All configuration files are now generated from templates using environment variables:

  • No more hardcoded values in configuration files
  • Environment-specific settings (logging levels, database URLs, etc.)
  • Secrets management through environment variables

2. Environment Separation

  • Local: Debug logging, direct access, SQLite/MySQL support
  • Production: Info logging, reverse proxy mode, MySQL database, SSL ready

3. Validation & Quality Assurance

  • TOML and YAML syntax validation
  • Environment-specific configuration checks
  • Template variable substitution verification
  • Linting integration with project standards

4. Docker Compose Integration

  • Generated .env files for Docker Compose
  • Consistent variable naming across all services
  • Environment-specific service configurations

🚀 Usage

Quick Start - Local Development

make configure-local    # Generate local configurations
make validate-config    # Validate configurations
make deploy-local       # Deploy with local settings

Production Deployment

# Set required secrets as environment variables
export TORRUST_PROD_DATABASE_URL="mysql://user:pass@host:3306/db"
export TORRUST_PROD_API_TOKEN="your-api-token"
# ... other production secrets

make configure-production  # Generate production configurations
make validate-config-production  # Validate configurations
make deploy-production    # Deploy to production

🛡️ Security Improvements

  • No hardcoded secrets - All sensitive values use environment variables
  • Environment isolation - Clear separation between local and production configs
  • Validation safeguards - Prevent deployment with misconfigured settings

📋 Breaking Changes

  • Configuration files are now generated and should not be edited directly
  • .env files must be generated using the new scripts
  • Database configuration now defaults to MySQL for both environments

🧪 Testing

All changes have been validated with:

  • Linting - yamllint, shellcheck, markdownlint
  • Configuration validation - Both local and production environments
  • Template processing - All templates generate correctly
  • Docker Compose integration - Services start with generated configs

📚 Documentation

Updated documentation includes:

  • Phase 1 implementation guide with detailed migration steps
  • Configuration management workflow documentation
  • Makefile target reference and usage examples

🔄 Next Steps (Future PRs)

  • Phase 2: Infrastructure as Code enhancements
  • Phase 3: Service isolation and containerization improvements
  • Phase 4: Monitoring and observability integrations

Ready for Review: This PR represents a complete Phase 1 implementation of the 12-Factor App methodology.
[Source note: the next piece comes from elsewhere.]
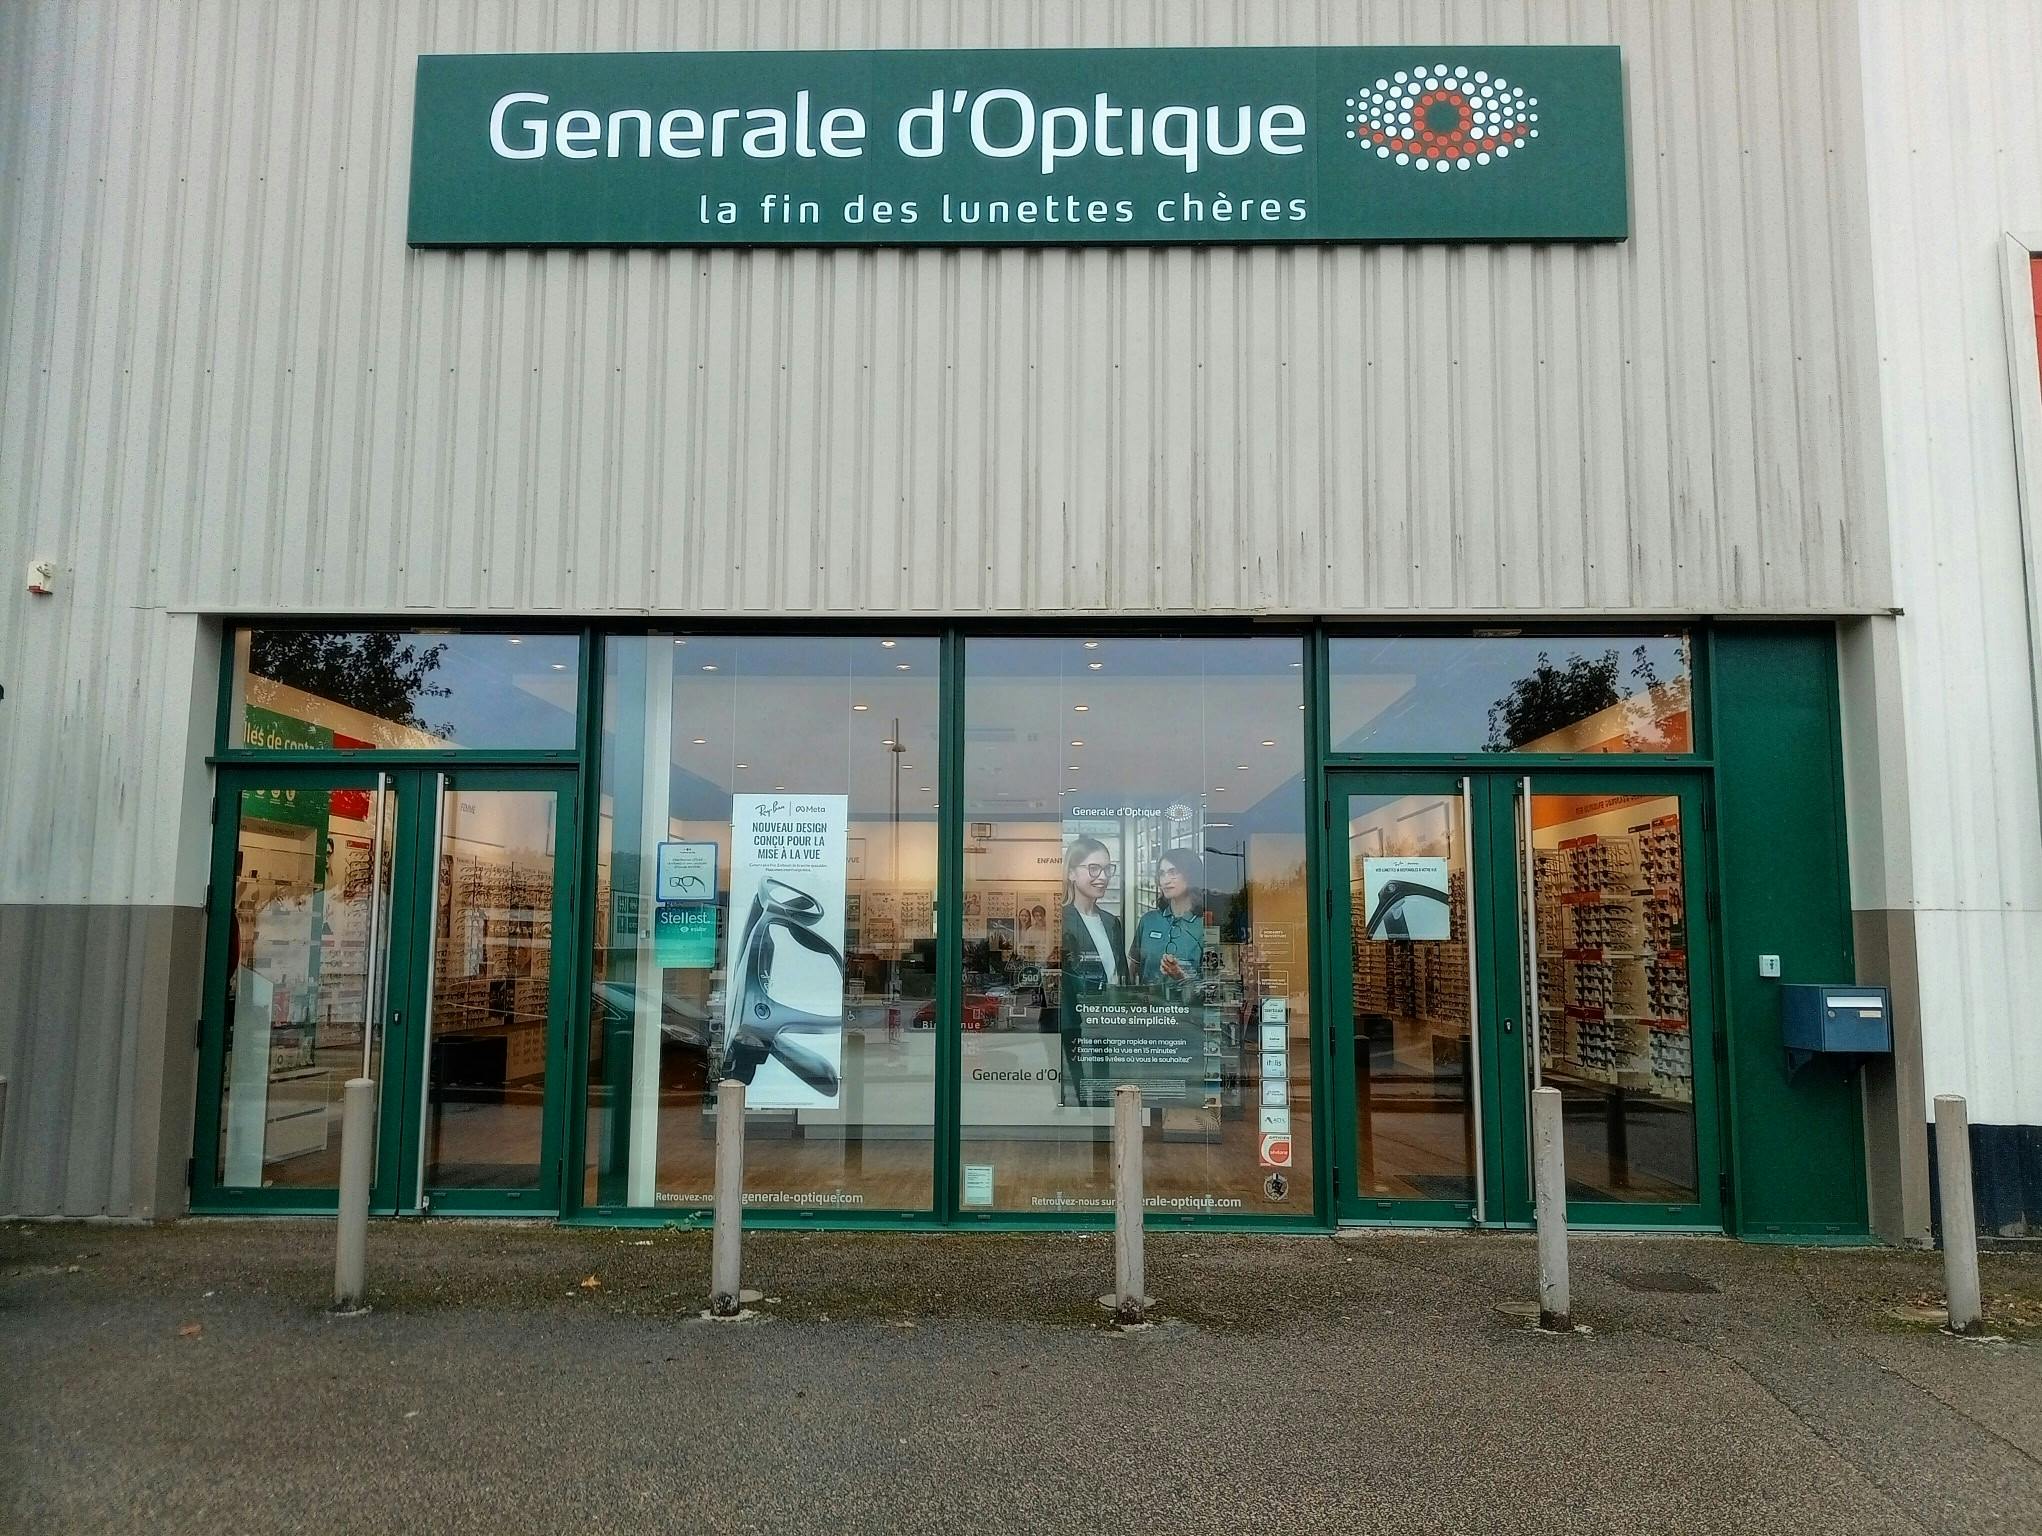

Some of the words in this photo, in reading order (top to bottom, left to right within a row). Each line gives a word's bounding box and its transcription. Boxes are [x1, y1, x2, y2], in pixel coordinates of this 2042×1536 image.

All existing functionality is preserved while adding robust configuration management capabilities.

…on management

- Add environment-based configuration system with local and production environments
- Create configuration templates for tracker.toml and prometheus.yml with variable substitution
- Implement configure-env.sh script for processing environment files and generating configs
- Add validate-config.sh script for comprehensive configuration validation
- Support colored logging output consistent with existing project scripts
- Include comprehensive validation for TOML/YAML syntax and environment-specific settings
- Remove staging environment references (only local and production needed)
- Update yamllint configuration to exclude application/storage directory from linting
- Update documentation and migration guide to reflect current implementation

This establishes the foundation for environment-based configuration management
as outlined in the 12-Factor App methodology.
- Fix validate-config.sh to skip yamllint for files in application/storage/
- Use basic Python YAML validation for ignored directories instead
- Fix grep pattern for template variable validation (avoid curly brace errors)
- Add docker-compose.env.tpl template for Docker Compose environment
- Update environment files with all required variables for production
- Ensure validation works correctly for both local and production environments

All linting checks now pass without warnings while respecting project ignore rules.
@josecelano josecelano self-assigned this Jul 8, 2025
@josecelano josecelano requested a review from da2ce7 July 8, 2025 17:54
@josecelano josecelano linked an issue Jul 8, 2025 that may be closed by this pull request
18 tasks
- Remove LOG_LEVEL, ON_REVERSE_PROXY, and TRACKER_PRIVATE from environment files
- Use sensible defaults in tracker.toml.tpl that work across environments
- Update validation script to reflect unified configuration approach
- Add production.env.tpl template and remove production.env from tracking
- Ensure production.env with secrets is properly ignored
- All environments now use: private=true, on_reverse_proxy=true, external_ip=0.0.0.0
- Administrators can modify config after deployment if needed

This follows 12-Factor App methodology by using environment variables
only for secrets and essential template generation values.
- Fix environment variable names in compose.yaml:
  * TORRUST_TRACKER_CONFIG_OVERRIDE_CORE__DATABASE__PATH (was URL)
  * TORRUST_TRACKER_CONFIG_OVERRIDE_HTTP_API__ACCESS_TOKENS__ADMIN
- Change database config from 'url' to 'path' in tracker.toml.tpl
- Add comprehensive TOML configuration example in template header
- Replace JSON example with TOML format for consistency
- Update documentation with proper Figment override patterns
- All changes follow torrust-tracker-configuration conventions

These changes ensure the tracker receives correct environment variable
names following the Figment configuration override pattern with
double underscores (__) separating nested sections.
- Add security warning to prometheus.yml.tpl about plain text token storage
- Document Prometheus limitation with runtime environment variable substitution
- Include TODO items for researching safer secret injection methods:
  * Prometheus file_sd_configs with dynamic token refresh
  * External authentication proxy (oauth2-proxy, etc.)
  * Vault integration or secret management solutions
  * Init containers to generate configs with short-lived tokens

- Add security documentation to .env.production about plain text secrets
- Explain runtime secret injection alternatives for Docker Compose
- Provide practical examples for secure deployment workflows
- Mention Docker secrets and external secret management options

These changes improve security awareness and provide clear paths
for implementing enhanced secret management in production deployments.
… new config workflow

- Add [PROJECT_ROOT], [TERRAFORM_DIR], [VM_REMOTE] indicators to all commands
- Document new template-based configuration system (Step 1.7)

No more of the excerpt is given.